SYLVAIN MASSIP: And this article was quite famous. Then it was retracted. So we can see that actually at the beginning of the study of this correlation, there is an article which was retracted. So that's quite an indication on where the story come from. Outside of this very, very strong example, we think this indicator is always useful because it helps people really understand how the studies on a particular topic are organized.
SYLVAIN MASSIP: It helps people know whether the subject is still discussed. It helps people know when actually it was studied at first. And it helps people know whether there are a lot of articles or not on this topic. Now let's move on. Our second indicator, which is much more complicated in terms of computer science, because we try to do the task to classify the research articles with respect to the input statement.

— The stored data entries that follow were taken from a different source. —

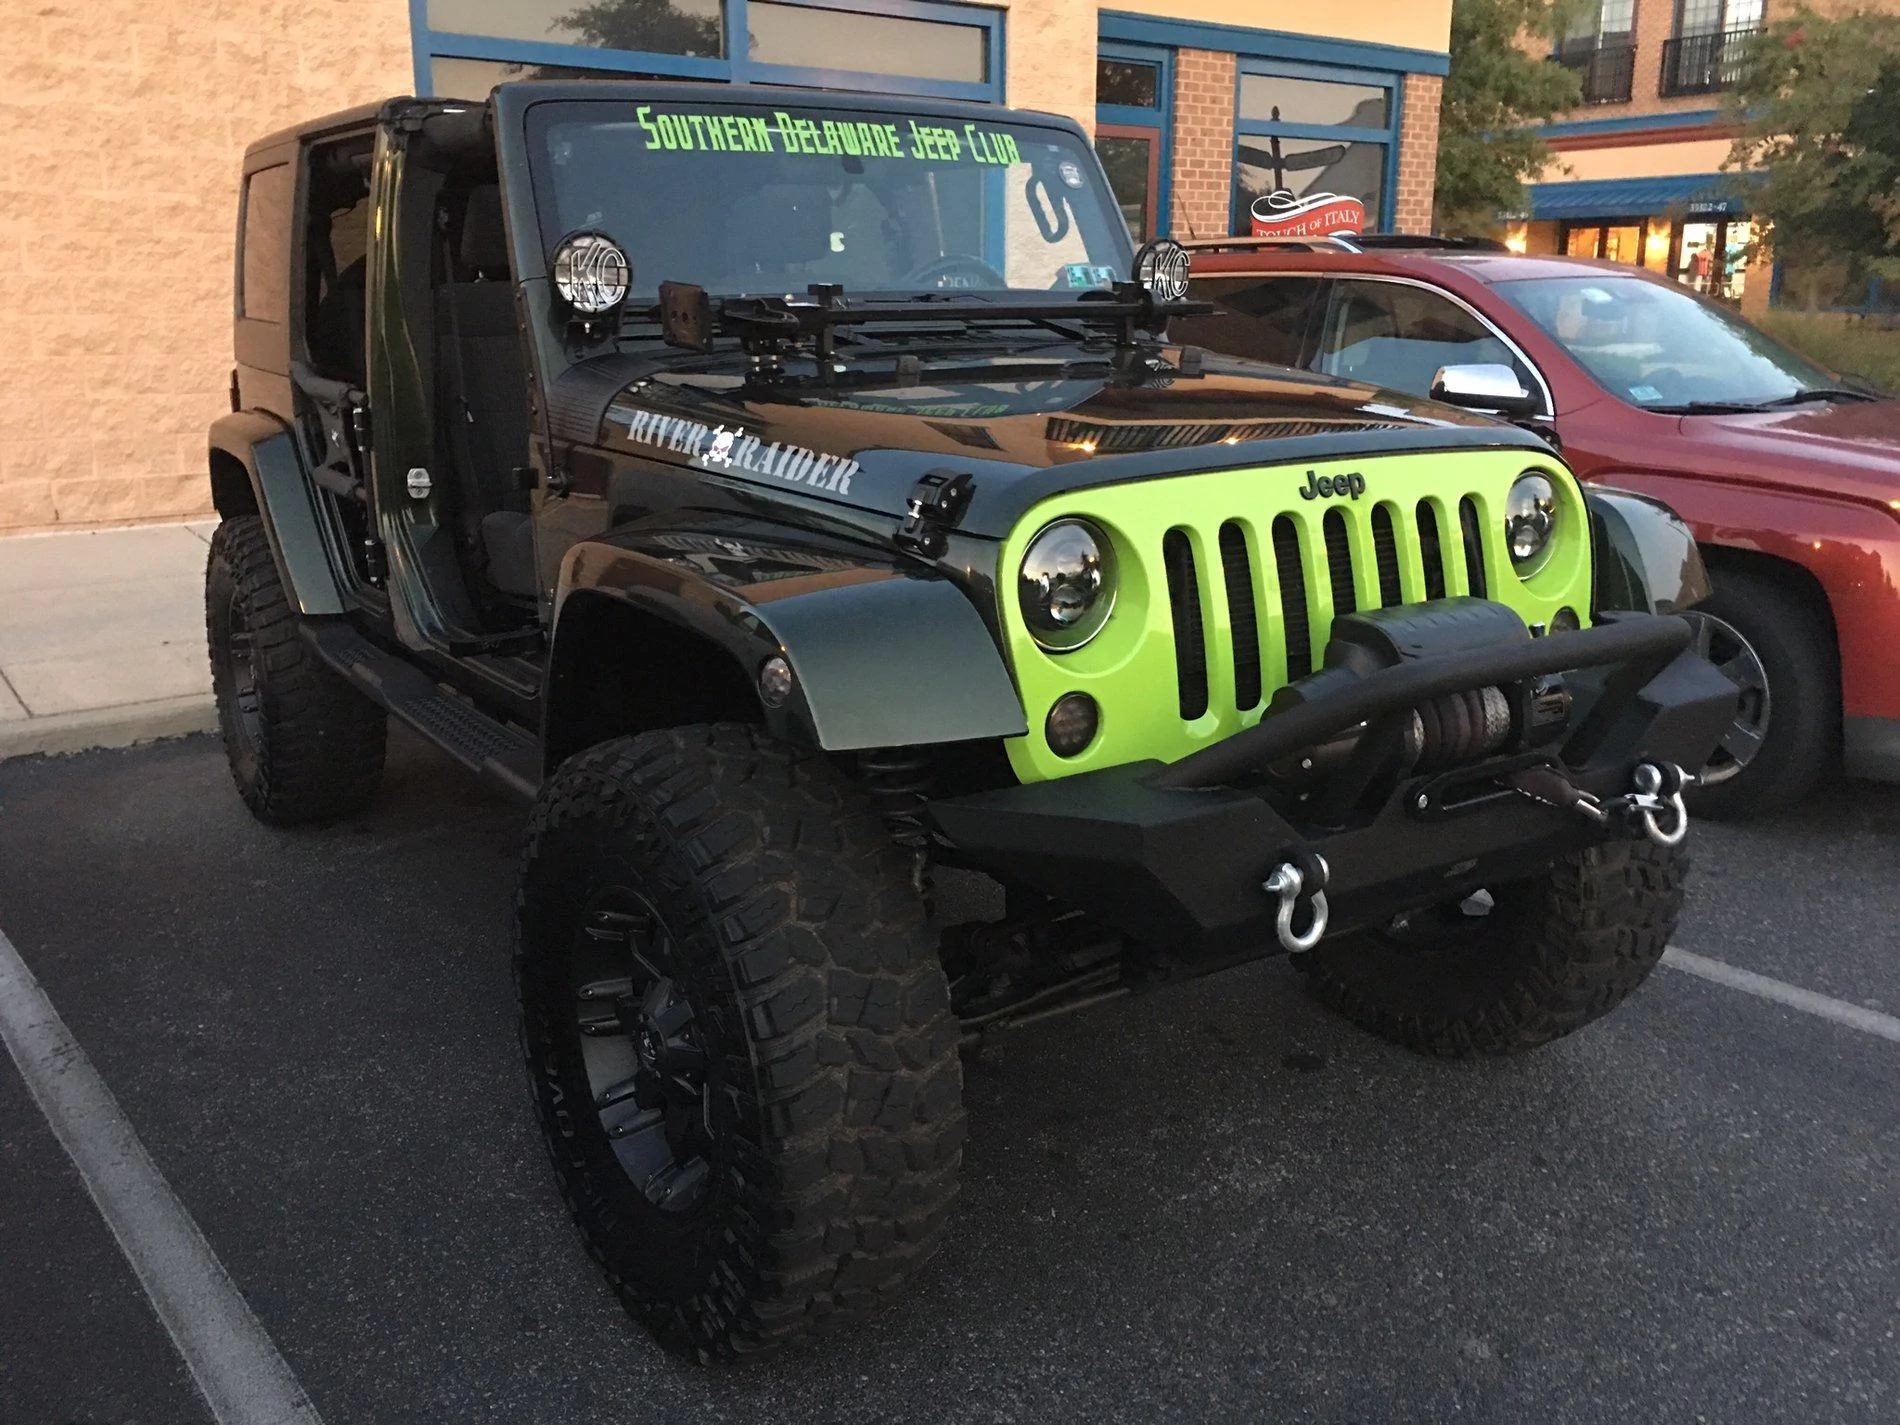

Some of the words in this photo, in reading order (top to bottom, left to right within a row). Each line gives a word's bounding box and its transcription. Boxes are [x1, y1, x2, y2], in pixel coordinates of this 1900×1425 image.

[1309, 218, 1322, 231] OF
[1324, 209, 1360, 227] ITALY
[627, 410, 708, 457] RIVER
[733, 435, 860, 495] RAIDER
[1299, 470, 1366, 501] Jeep
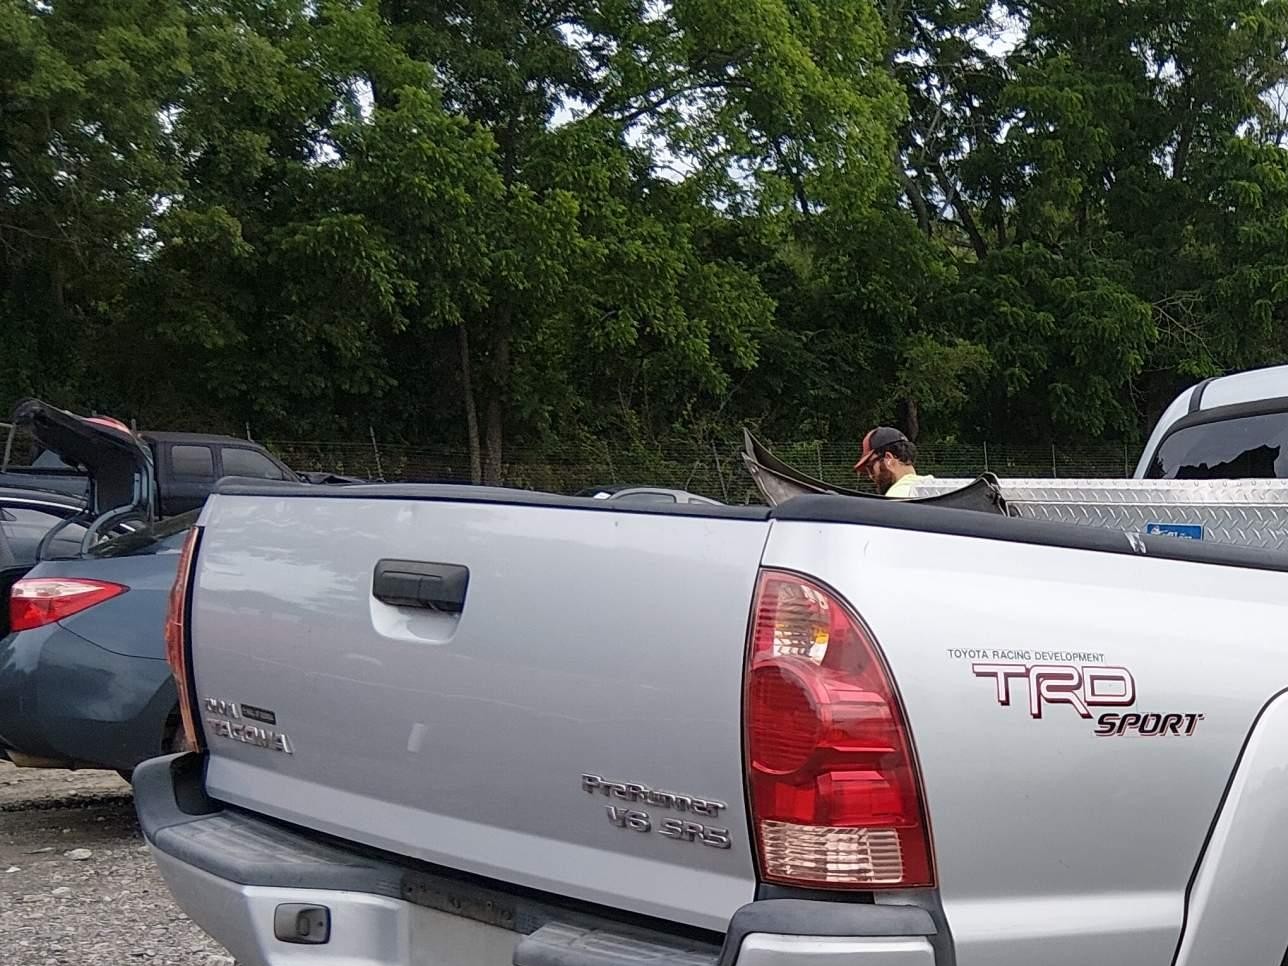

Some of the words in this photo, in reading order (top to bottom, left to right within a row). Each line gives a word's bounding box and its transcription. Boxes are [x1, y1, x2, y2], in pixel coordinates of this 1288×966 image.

[948, 649, 989, 659] TOYOTA
[993, 650, 1031, 661] RACING
[1034, 651, 1104, 662] DEVELOPMENT
[971, 663, 1137, 719] TRD
[1094, 713, 1205, 737] SPORT
[605, 805, 651, 833] V6
[658, 817, 732, 850] SR5

SYLVAIN MASSIP: So really to give an answer to the question, does this research article support, is it neutral, or is it contradicting the statement that was input by the user. To do that, we have tried different natural language processing pipelines based on the general family of technology of question answering. And I'm not going to go into details about that.
SYLVAIN MASSIP: But we have evaluated the results that we obtained on different known data sets. And we can see that all these three techniques, Boolean question answering, abstractive question answering, and extractive question answering, give quite interesting results. We can see that the accuracy is quite good, but still not good enough to go without a disclaimer stating that, well, there might be a mistake in the way we evaluate articles.
SYLVAIN MASSIP: So what we still have to do here is to finish this assessment and maybe combine these technologies and then integrate them into the website. Now the third indicator is, as I said, the retrieval of the numerical conclusion of the articles. To do that, we developed the following pipeline. So we start from the corpus of relevant article, always the same that we selected at the beginning.
SYLVAIN MASSIP: Then we identify the right sentence, the right parts of the articles where the answer to the question might be. Then from these sentence, from these small parts, we extract the number. And then we have built a visualization interface to, again, help people explore the results and discover by themselves what can be said from the scientific literature about the claim that we're asking.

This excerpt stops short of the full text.